When I got back on my feet, I entered the dating arena. I look back now and see that for sixteen years, I very unsuccessfully dated. What I didn't realize was that I picked in my partners every form of challenge that exists and even included those hopelessly addicted to pain. Now, all of these folks are fine individuals with good souls and are so beautiful to me and I loved every single one but they had challenges in many arenas that just didn't work for me in the long run. I do not wish to disparage them, the focus here is not even them but me and my own challenges I dealt with quite unconsciously. I realized somewhere along the way that through my partners I was unconsciously trying to heal my parents and so I'd date and have no problem finding those I immediately "Clicked" with. I didn't understand the "Click" and the reason it existed. The "Click" existed because they bore aspects of their personalities very close to my parents in one way or another and this was just the worst thing in the world for me and there was no way I could ever truly be happy in those relationships. So, I left every single one of them when I realized I faced a very similar and familiar challenge that I faced in childhood.
Over the holidays my brother asked me if I would consider making amends with my mom. We've been estranged for more than five years (and many periods over my young life off and on). He knows not what he asks of me. Mom is one of the disordered and has a long history of addiction and behavior I find wholly vexatious, vengeful, vindictive (have I covered all the "V" words here?) and entirely unhealthy for me. I'm an empathic soul and feel everything including sympathy for those who suffer even at their own hand for their own decisions. Around such souls they can rant and rave all they want to and I'm clear on what is about me and what isn't but the fact that I kept finding myself amongst those souls that I "Clicked" with came into greater focus upon my brother's innocent request. I gave his request honest and sincere consideration but have decided against it. My life is so peaceful and so serene that I do not wish to go back to filling it with vexatious souls unwilling to seek help for what truly ails them and I refuse to stand in answer to those souls for their own mistakes that bring them pain. I am not above assisting those in need but you see, the way I grew up, such behavior in me is considered enabling behavior or co-dependent behavior and so, like an alcoholic who abstains from alcohol, it's imperative that I abstain from consorting with the emotionally, mentally or financially disordered and misguided.
I realized that the "Click" is my clue and guide. The "Click" that everyone else looks for, I too look for but for very different reasons.

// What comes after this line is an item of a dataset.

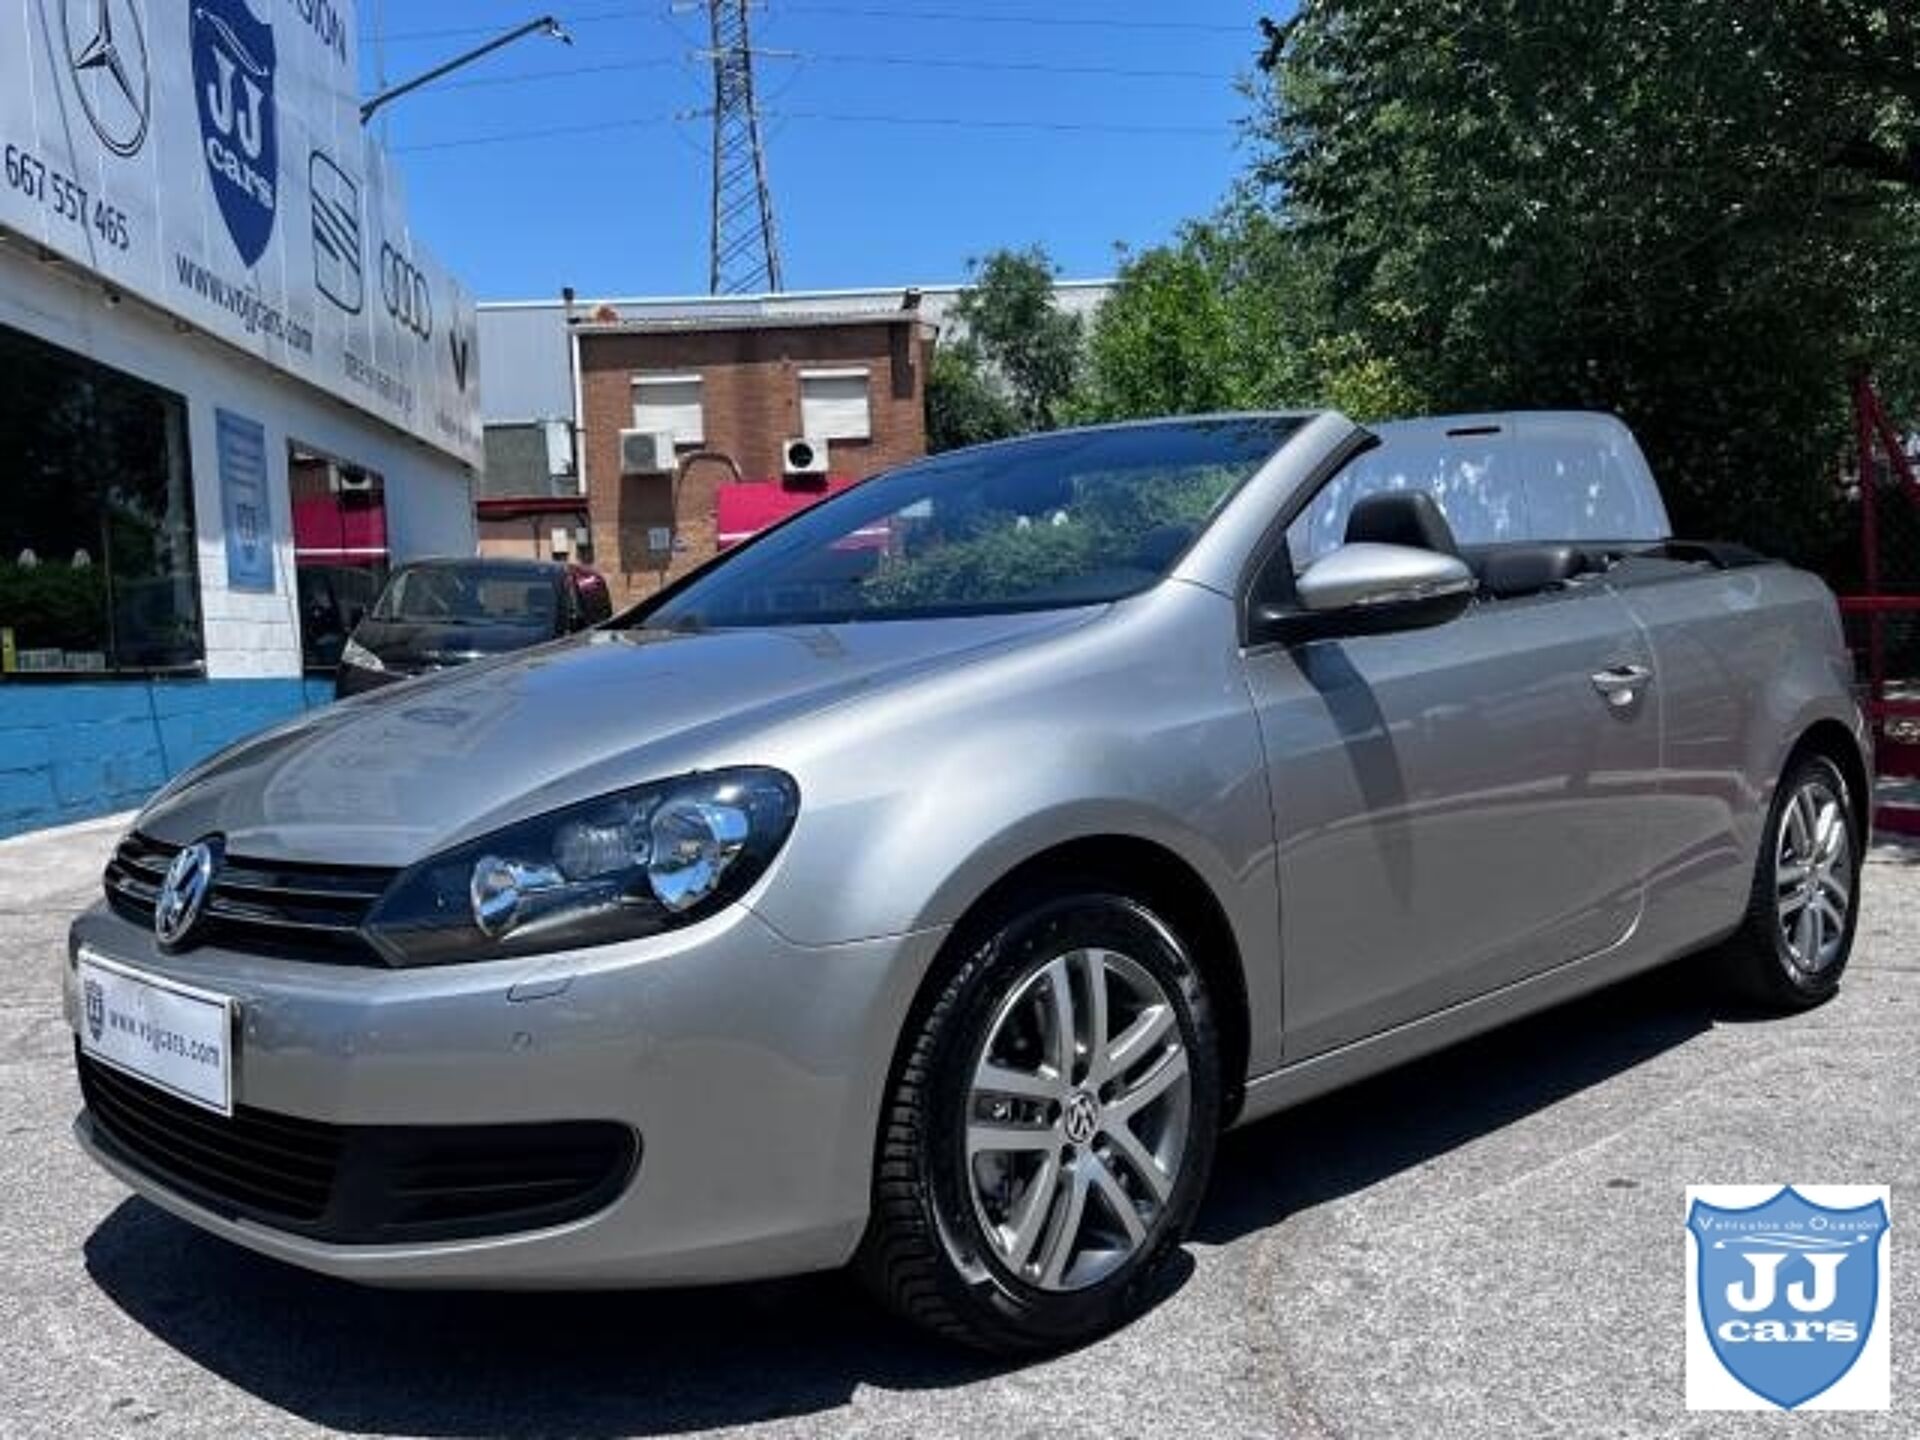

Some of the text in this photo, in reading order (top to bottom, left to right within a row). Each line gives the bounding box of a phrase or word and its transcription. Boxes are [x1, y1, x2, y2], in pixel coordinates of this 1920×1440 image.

[207, 44, 264, 160] JJ
[5, 144, 130, 250] 667 557 465
[207, 137, 273, 210] cars

When I find one I "Click" with, I know that at an energy and soul level I am comfortable for one reason and one reason only, there is something about them like my parents and if I wish to avoid the pain that has come time and time again, I must discontinue any close interactions with any soul I feel the "Click" with. Instead, if I should ever become interested in dating anyone again, I must find a soul there is no "Click" with...a soul who's energy is wholly unfamiliar to my long educated engagement of disordered energy of those who used to flock around me. I am free from that energy now and it is like a breath of pure, pristine and fresh air. I can never go back to it. I do not begrudge the disordered from finding love, they just cannot engage me in romantic love. I'm not that gal any more. I'm interested in something wholly healthy, mature, no instant sense of fake and false intimacy that immediately precedes some form of emotional manipulation, no hiding disharmony and discord, no blame, no victims and villains, just pure bare honesty, mutual respect, mutual accountability, mutual responsibility and mutual and unconditional love. I will not settle for anything less and should I never find that, I am content in my life at present as I've learned to find the beauty and love from within and within all things and all souls who cross my path. I need nothing and no one to complete me as I have learned, finally after all of these years that I always was complete.

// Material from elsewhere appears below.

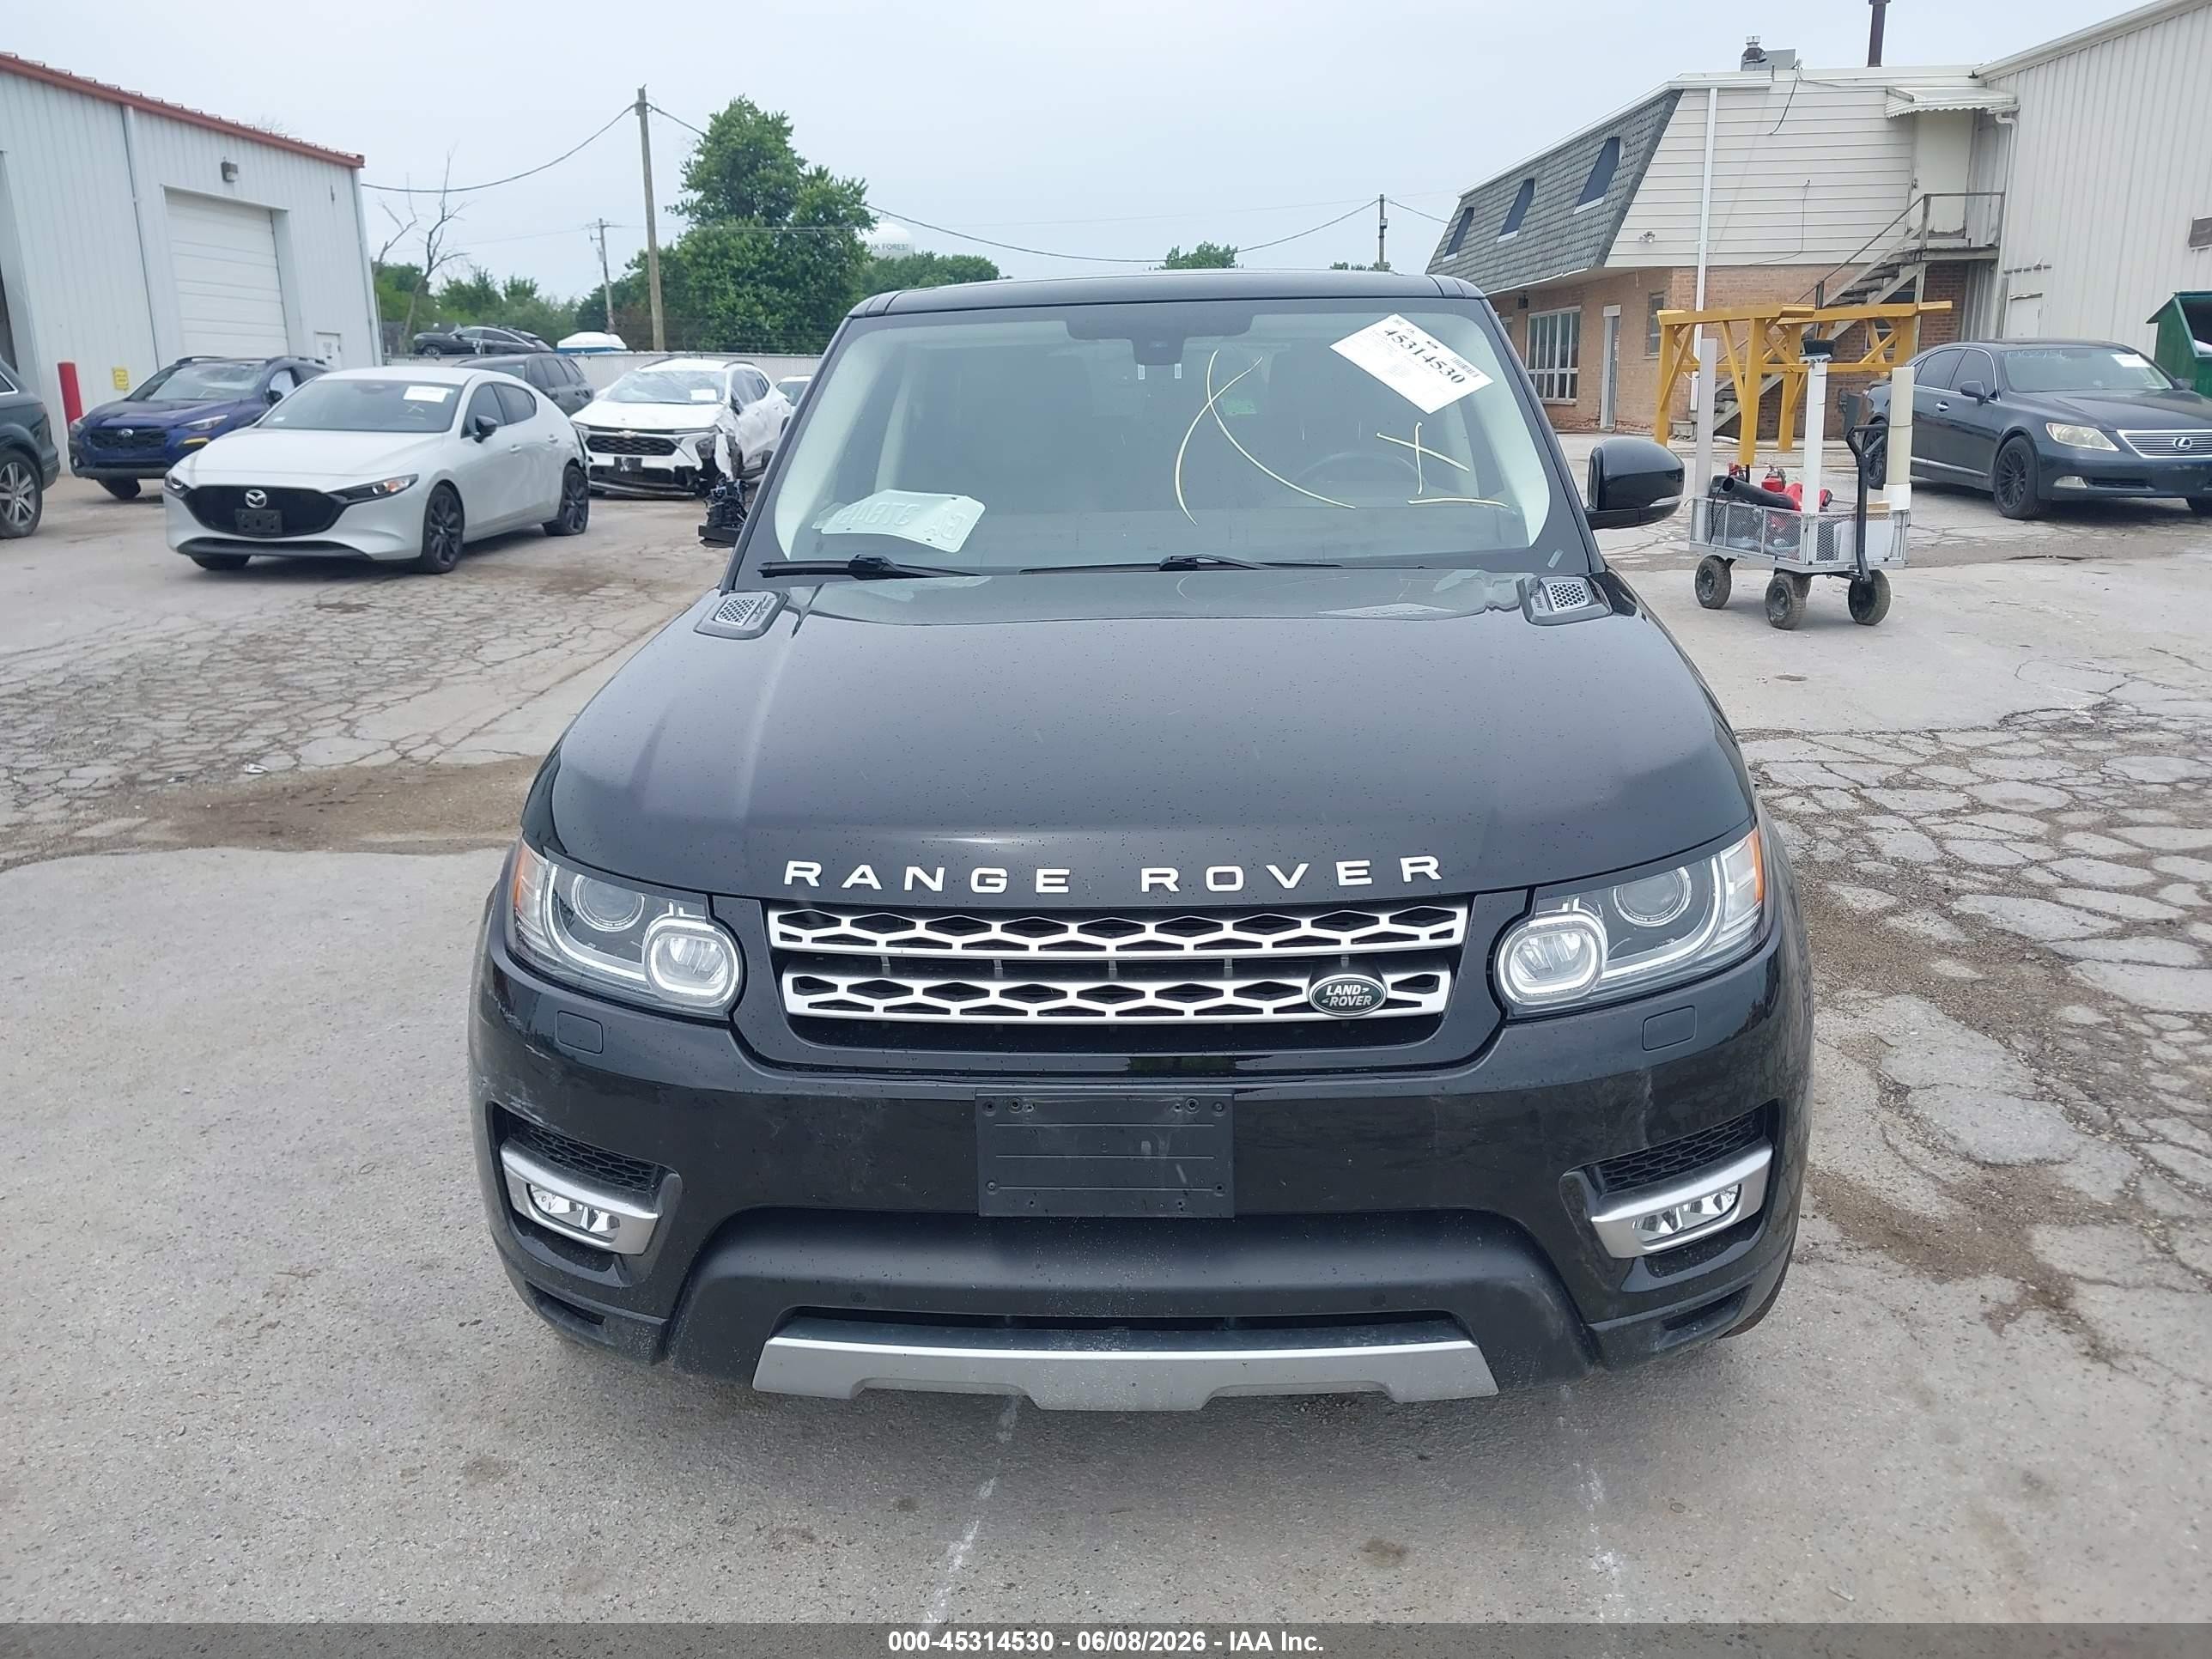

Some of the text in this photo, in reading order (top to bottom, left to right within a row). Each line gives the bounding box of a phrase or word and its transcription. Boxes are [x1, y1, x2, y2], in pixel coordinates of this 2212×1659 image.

[1384, 328, 1466, 384] 45314530
[783, 854, 1443, 895] RANGE ROVER
[1326, 984, 1362, 996] LAND
[1329, 995, 1372, 1006] ROVER

So, I encourage you to understand the "Click." If your story is even remotely like mine, be aware of the reason for the "Click" and be prepared to make other arrangements if you truly desire a healthy normal dating adventure of the honorable kind. As far as dating, I'm not sure I'm interested any longer. After 16 years of learning the rougher aspects of my own delusions, I'm rather content just enjoying my kids, life, spirituality and helping others in much more healthy ways these days. There isn't a lot of room for dating. I sometimes miss it but for the most part, I honestly don't. I'm happy now, happy with what I've learned, happy about every experience with every soul that I've ever dated because I learned to uncover the truth within me and it has NOTHING to do with the the labels of psychological transference and projection once vicious slung by more than I wish to count. I stepped out of the victim and villain psychodrama a while ago and learned that it is not in me to ever venture back. Life is too short and there are too many things that hold infinitely more meaning for me. If you're out there testing the waters, stand in your own light and keep both feet firmly planted on beautiful Terra Firma, eyes wide open and your soul-senses acutely tuned. Only then will you understand what comes before you. Live, love and learn but do so with heart, mind and soul open to sensing everything. Beware the "Click." ~Blessings for blissful adventures dearest dreamers. Enjoy the play!